The Connecticut Asthma Initiative focuses on three interventions:
- Ensuring that patients set to leave the emergency room are taught how to use their inhaler and then “teach back” the method to show they understand;
- Giving patients leaving the hospital a discharge plan that includes an asthma action plan they can show all their health care providers;
- Ensuring that patients leaving the hospital have a follow-up appointment with a primary care provider and, if necessary, a connection to other support services, like case management.

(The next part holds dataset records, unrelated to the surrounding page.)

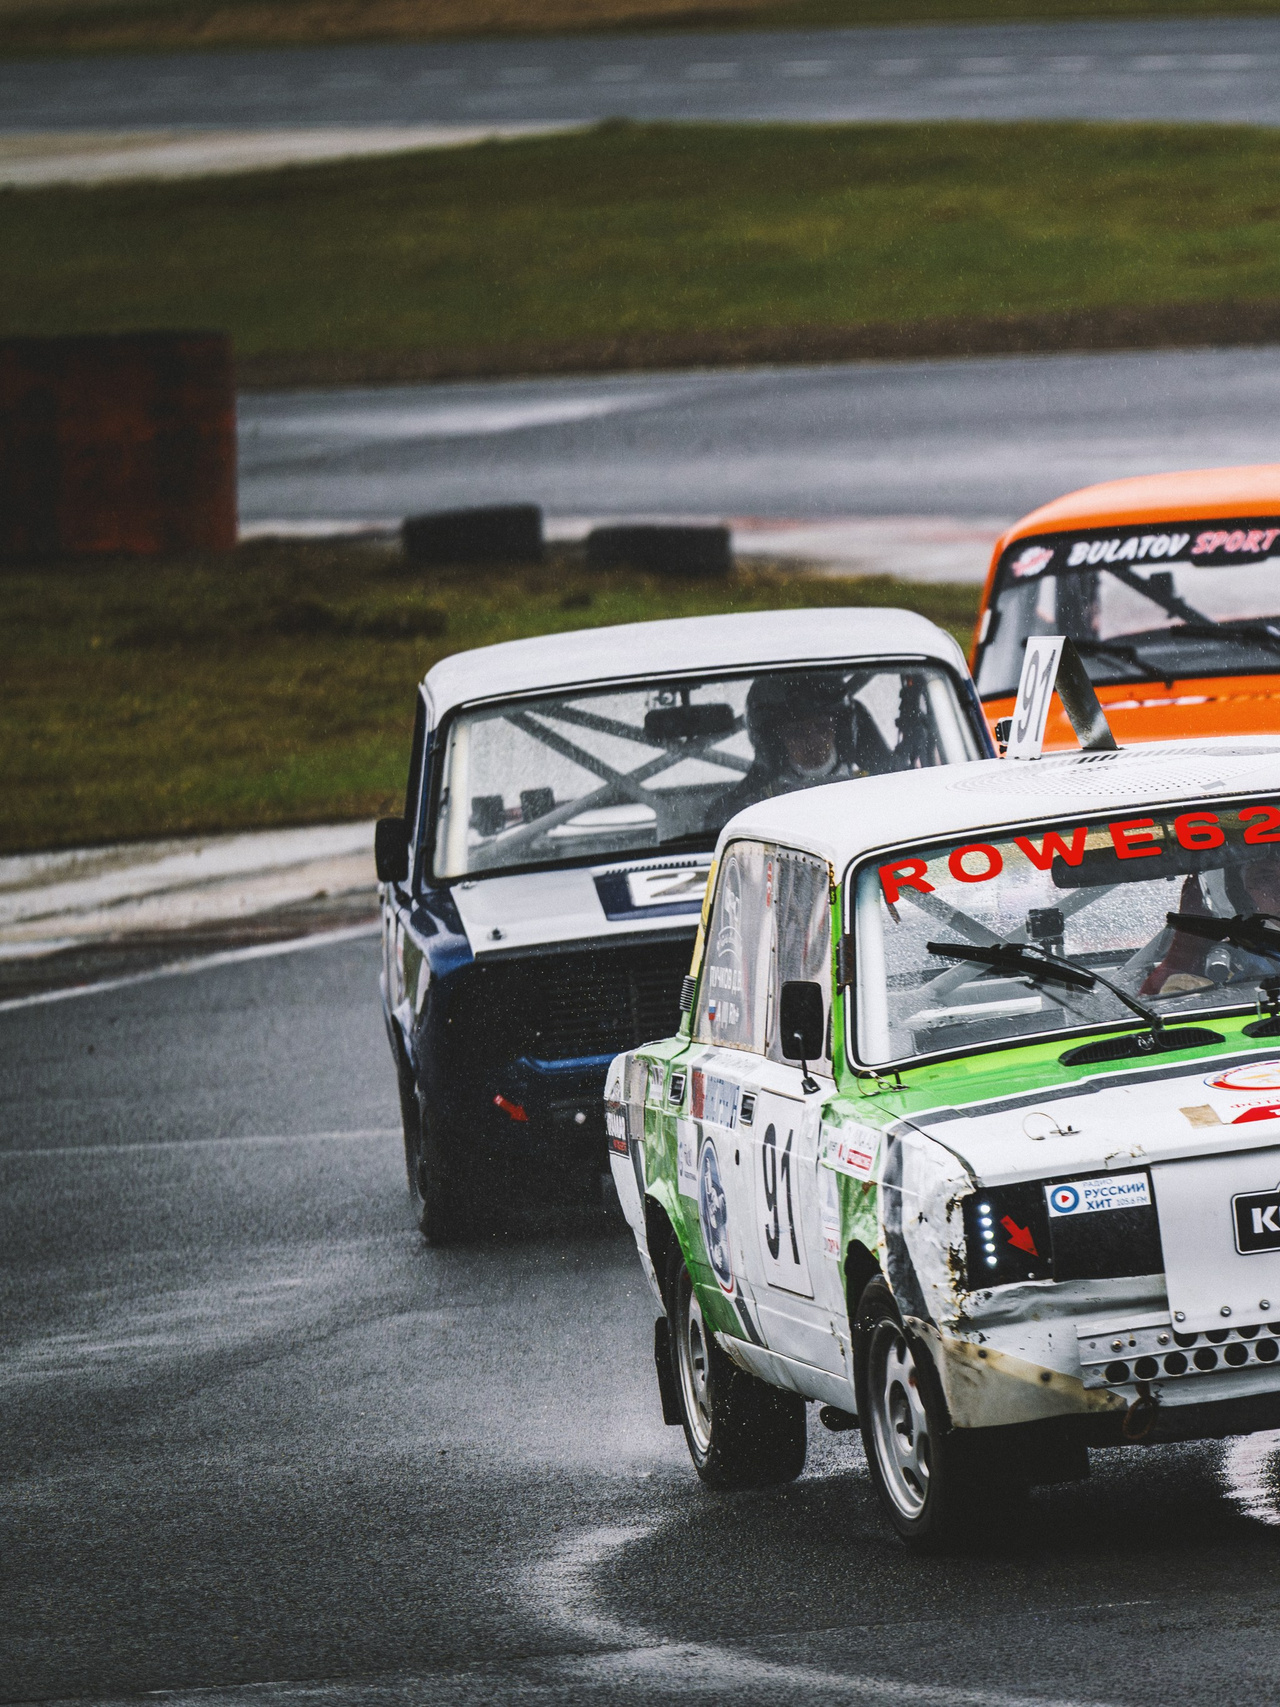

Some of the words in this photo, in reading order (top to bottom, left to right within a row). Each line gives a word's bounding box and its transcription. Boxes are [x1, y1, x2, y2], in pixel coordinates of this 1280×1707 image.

[1066, 532, 1190, 567] BULATOV
[1017, 649, 1056, 744] 91
[762, 1122, 800, 1266] 91
[1084, 1182, 1146, 1198] РУССКИЙ
[1086, 1198, 1112, 1210] ХИТ

There’s also a less tangible goal: Change the way people with asthma think about the condition, from one in which patients are powerless and likely to end up in the emergency room, to one in which they have control. Since many patients are kids, the hospital association developed graphics depicting a cartoon superhero fighting back against asthma, and a video using the superhero that can be shown in doctors’ offices to teach basic management information.
Medication can be a particular challenge for patients, hospital officials and respiratory therapists said during presentations last month at the hospital association. Often, patients don’t know how to use their medication or don’t understand why it was prescribed. And some cost so much – hundreds of dollars – patients don’t use them.

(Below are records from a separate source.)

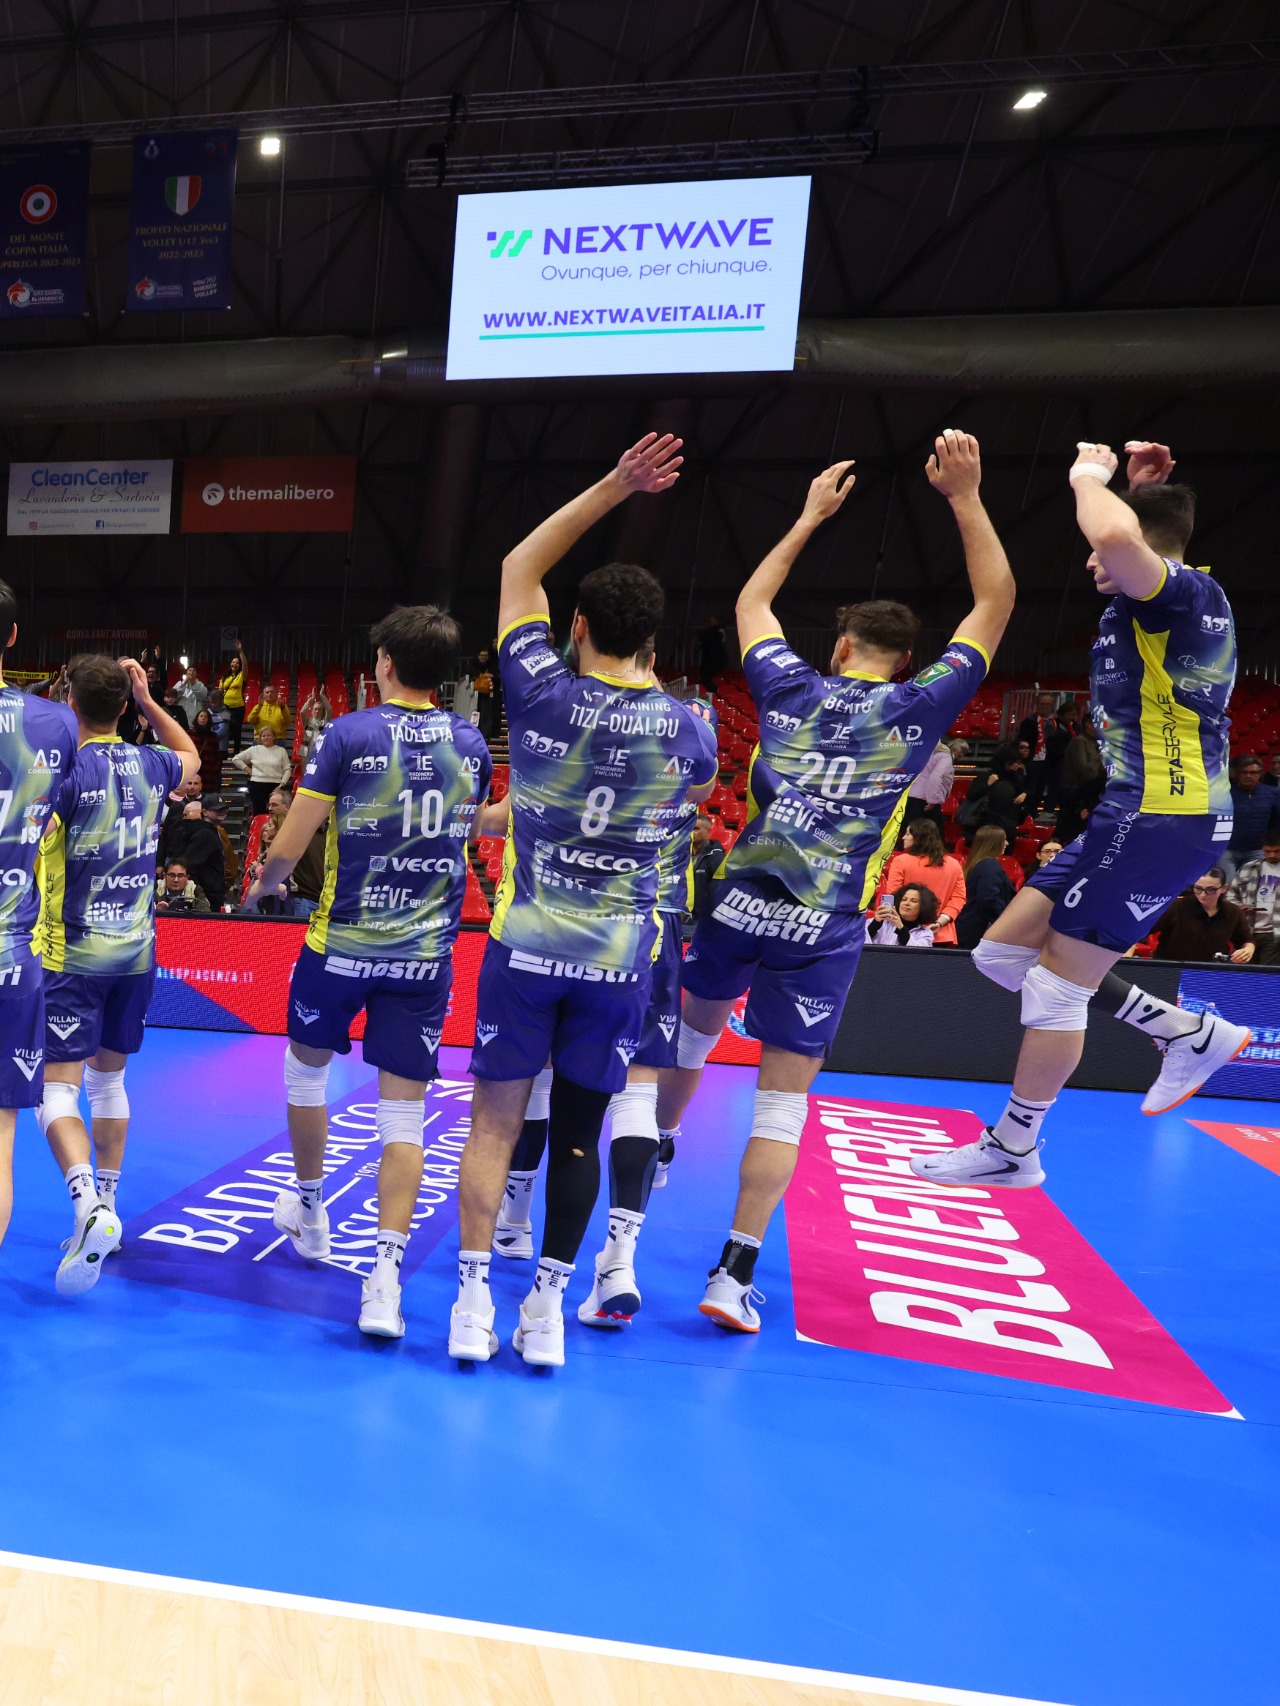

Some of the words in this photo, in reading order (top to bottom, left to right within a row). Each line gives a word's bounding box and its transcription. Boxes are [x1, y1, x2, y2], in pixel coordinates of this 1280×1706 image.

[10, 233, 26, 244] DEL
[30, 231, 65, 242] MONTE
[135, 226, 171, 235] TROFEO
[173, 223, 228, 233] NAZIONALE
[543, 218, 774, 255] NEXTWAVE
[5, 246, 36, 256] COPPA
[39, 244, 69, 254] ITALIA
[142, 238, 176, 248] VOLLEY
[541, 264, 633, 282] Ovunque,
[639, 262, 672, 280] per
[677, 258, 772, 275] chiunque.
[483, 304, 766, 329] WWW.NEXTWAVEITALIA.IT
[31, 468, 149, 487] CleanCenter
[18, 487, 85, 504] Lavanderia
[90, 487, 107, 503] &
[110, 485, 160, 502] Sartoria
[228, 484, 334, 501] themalibero
[606, 694, 672, 712] W.TRAINING
[824, 695, 874, 714] BENTO
[569, 704, 680, 739] TIZI-OUALOU
[795, 751, 857, 799] 20
[398, 789, 444, 839] 10
[580, 786, 616, 837] 8
[794, 799, 824, 832] VF
[346, 817, 379, 832] CR
[448, 822, 472, 838] USC
[114, 815, 143, 859] 11
[813, 828, 844, 848] GROUP
[559, 847, 640, 873] VECA
[748, 834, 852, 875] CENTROLMER
[391, 857, 456, 873] VECA
[107, 873, 149, 890] VECA
[1064, 877, 1089, 909] 6
[1129, 893, 1172, 903] VILLANI
[723, 887, 832, 928] modena
[157, 967, 253, 983] ALESPIACENZA.IT
[354, 961, 441, 981] nastri
[797, 995, 835, 1012] VILLANI
[47, 1016, 81, 1024] VILLANI
[524, 1177, 534, 1192] nine
[623, 1219, 637, 1235] nine
[816, 1100, 1115, 1370] BLUENERGY
[384, 1240, 396, 1259] nine
[468, 1260, 478, 1278] nine
[549, 1269, 563, 1288] nine

At Day Kimball Hospital in Putnam, many patients were leaving the hospital and not filling prescriptions, respiratory therapist AnnMarie DeMerchant said. So patients there now receive a free inhaler and spacer – a device that helps the medication reach the lungs – when they’re discharged. And no asthma patient in the emergency room can leave until they show a respiratory therapist they know how to use their inhaler.

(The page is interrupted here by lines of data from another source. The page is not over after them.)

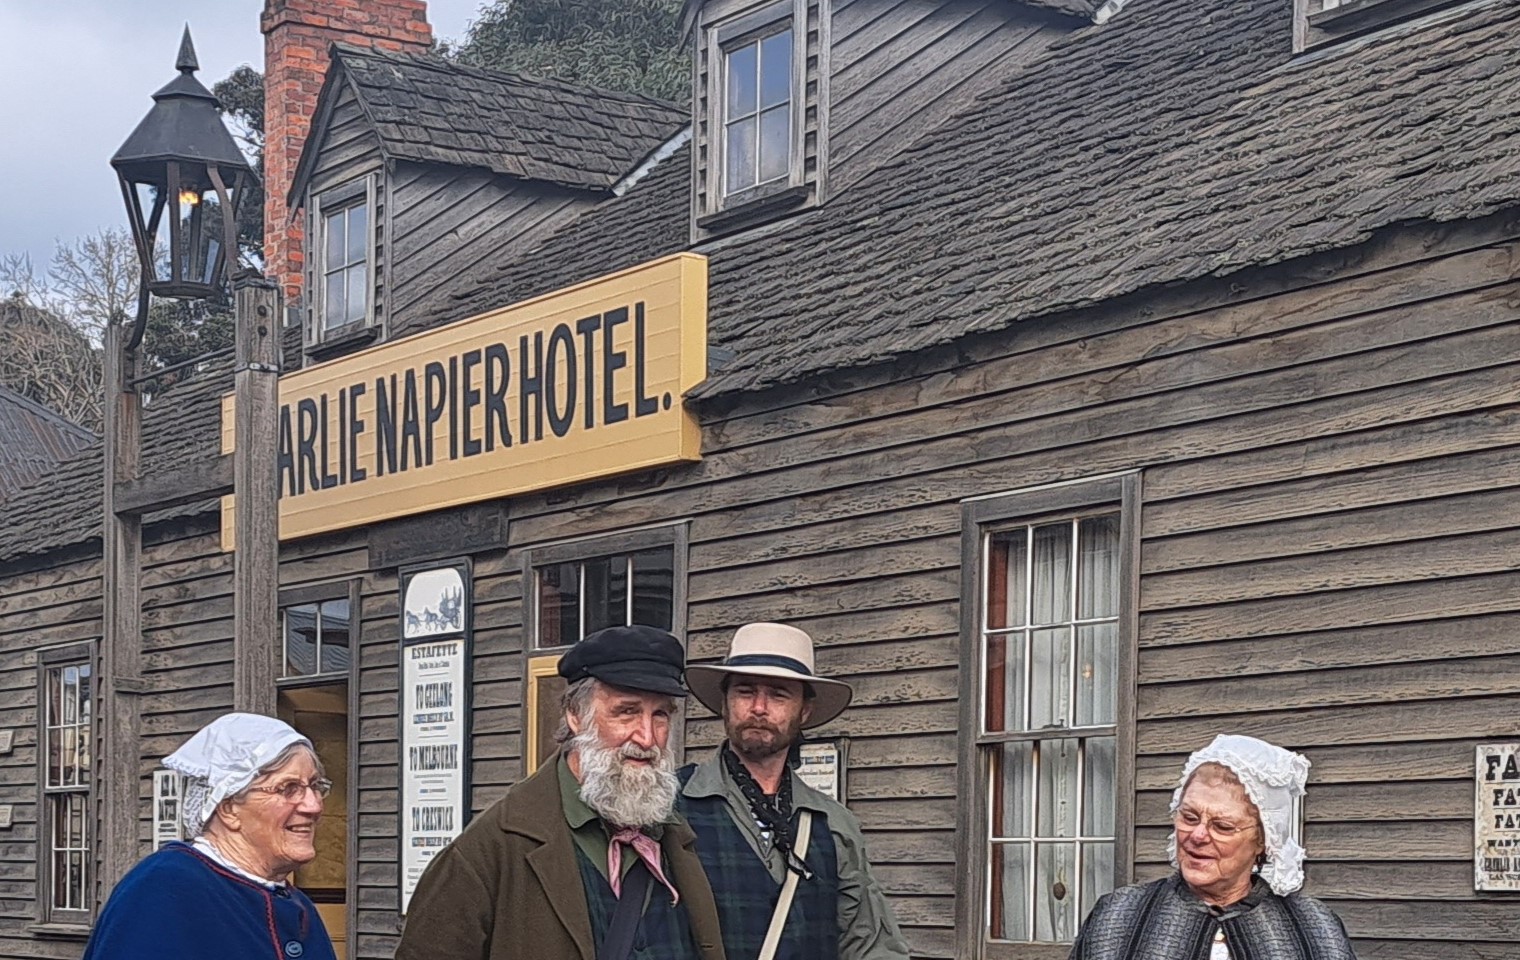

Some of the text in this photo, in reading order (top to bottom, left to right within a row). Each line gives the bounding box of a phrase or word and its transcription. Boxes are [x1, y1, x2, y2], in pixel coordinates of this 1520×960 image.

[277, 301, 672, 498] ARLIE NAPIER HOTEL.
[411, 643, 458, 660] ESTAFETTE
[415, 684, 424, 710] TO
[409, 744, 458, 771] TO MELBOURNE
[412, 806, 454, 832] TO CRESWICK

Other barriers, hospital officials said, include a lack of transportation or not being able to read.
Several programs now focus on giving special attention to patients who come to the emergency room.
St. Vincent’s Medical Center in Bridgeport has a nurse navigator in the emergency room who works with asthma patients to schedule appointments with a primary care provider. She can coordinate transportation to appointments and, if a patient needs help after hours or on weekends, arrange for them to be seen at an urgent care facility affiliated with the hospital.
And the hospital’s family health center, which provides primary care for poor patients, created a clinic for asthma patients, giving them access to a social worker who can help them clean up their homes and get help with medication costs.
Experts at Lawrence + Memorial Hospital in New London worked with school nurses and developed sample notes the nurses can give to parents saying their child was in the office that day, a boilerplate letter they can send to primary care providers to help them communicate about a child’s asthma, and information they can use to talk to teachers about signs to watch in children with asthma and ways to reduce asthma triggers in the classroom.
Under the way care is currently paid for, keeping patients out of the hospital is a financial hit for hospitals, noted Madeleine Biondolillo, the hospital association’s vice president for population management.
But the payment model for care is changing, and is expected to increasingly tie payment to both care quality and cost-effectiveness, and to emphasize keeping patients well, rather than simply treating their acute illnesses. That’s expected to encourage hospitals to work with other types of providers – including nursing homes, home care providers and community physicians – to ensure patients’ conditions are under control.
Asthma made sense as a condition for hospitals to focus on, Biondolillo said, because it can be cared for in the community, not in hospitals.
“It’s really quite horrifying to people that Connecticut residents are dying” from asthma, she said.